Studying at NYU Florence this past summer was an inimitable experience. I spent a few weeks at NYU’s La Pietra campus studying Renaissance art and literature for Gallatin’s travel course, Italian Renaissance, Art, and Literature: The Culture Explosion.

Apart from the delight in reading Dante and Machiavelli in the city where they lived and were exiled from, and experiencing the immediacy of art I had previously only studied in books, my summer was special because of our stay at La Pietra.

garden with fountain and statues
The Renaissance Gardens of La Pietra

Florence is saturated with so many artistic and architectural marvels that it can get overwhelming at times, but NYU’s quaint hilltop campus provided contemplation and quiet inspiration.

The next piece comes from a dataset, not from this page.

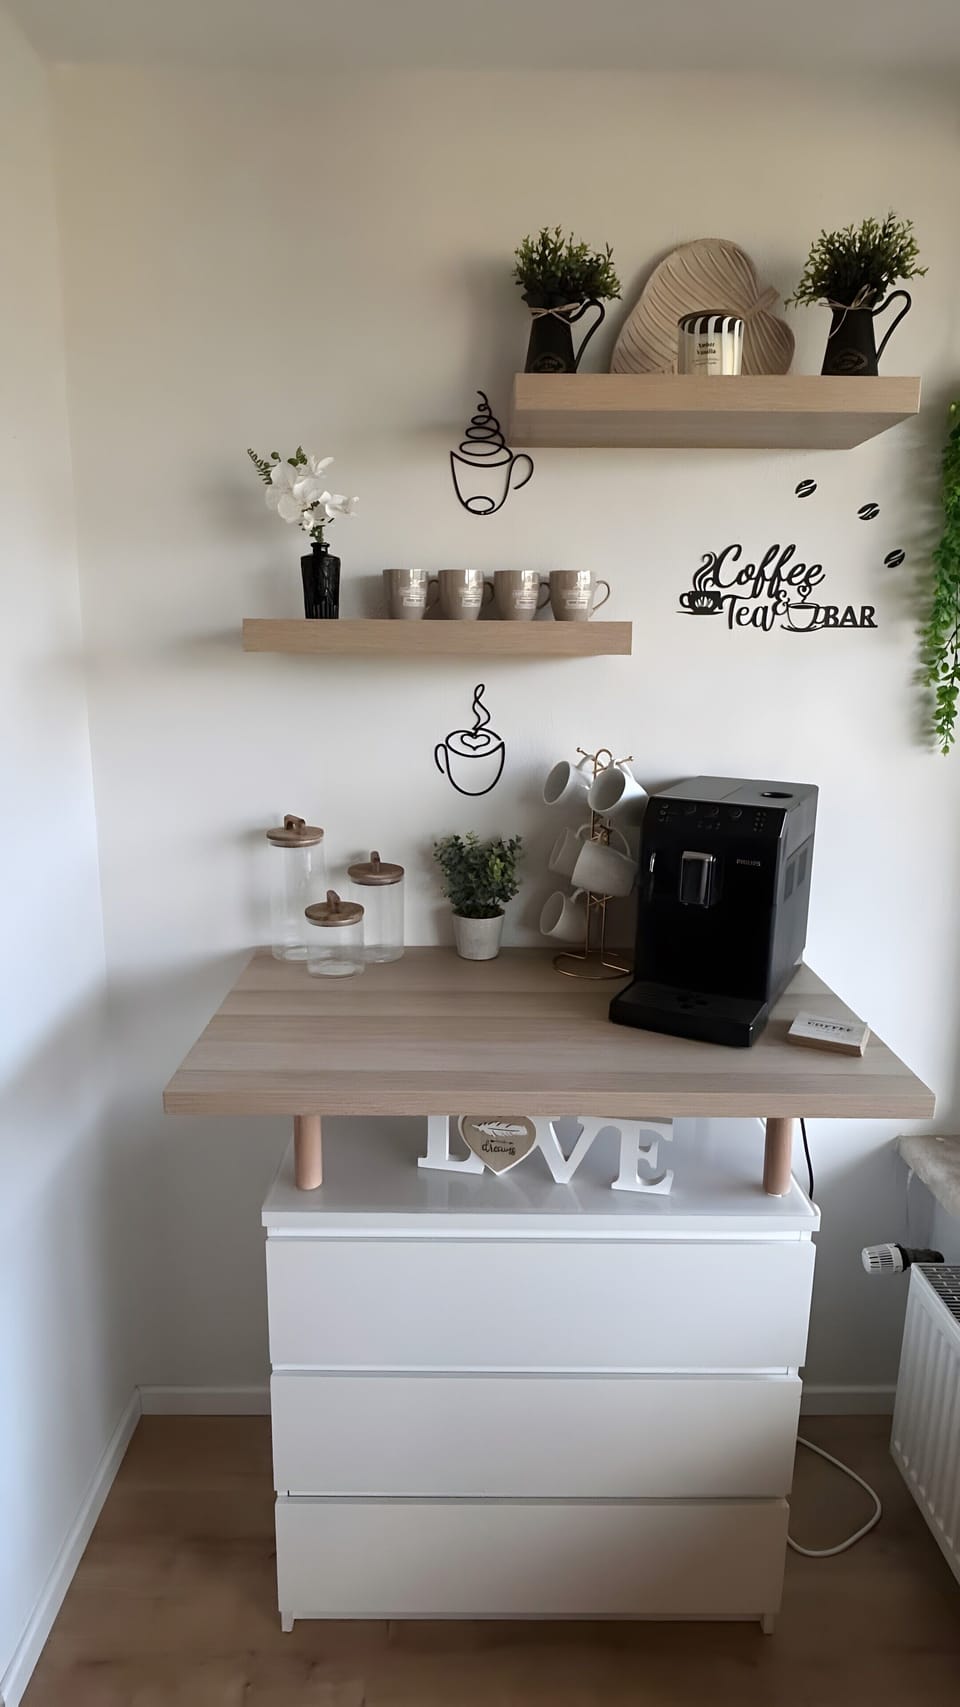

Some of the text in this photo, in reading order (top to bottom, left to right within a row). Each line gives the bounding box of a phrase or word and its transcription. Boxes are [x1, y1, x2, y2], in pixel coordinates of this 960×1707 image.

A cypress-lined avenue climbs up the hill towards the Villa La Pietra, so named because of a Roman stone marker that used to be nearby. The Tuscan yellow Baroque building overlooks an expansive olive garden, distant umbrella pines, and glimpses of Santa Maria del Fiore, the cathedral better known for its iconic dome by Brunelleschi.

garden with villa
La Pietra
landscape of greenery and mountains
View near Villa Natalia
parasol pines with cathedral roof in background
Il Duomo peeks from behind the parasol pines
garden with trees and benches
Garden

During the summer months, La Pietra hosts the Season, evenings of book readings, music concerts, and performances. We were able to catch a riveting performance of the Odyssey at the amphitheater situated in the middle of the olive garden, and attend readings and concerts in the Limonaia (equivalent of the English Orangeries, an enclosed space in the garden meant for growing citrus trees during the winter months) followed by receptions in the gardens adjoining the villa.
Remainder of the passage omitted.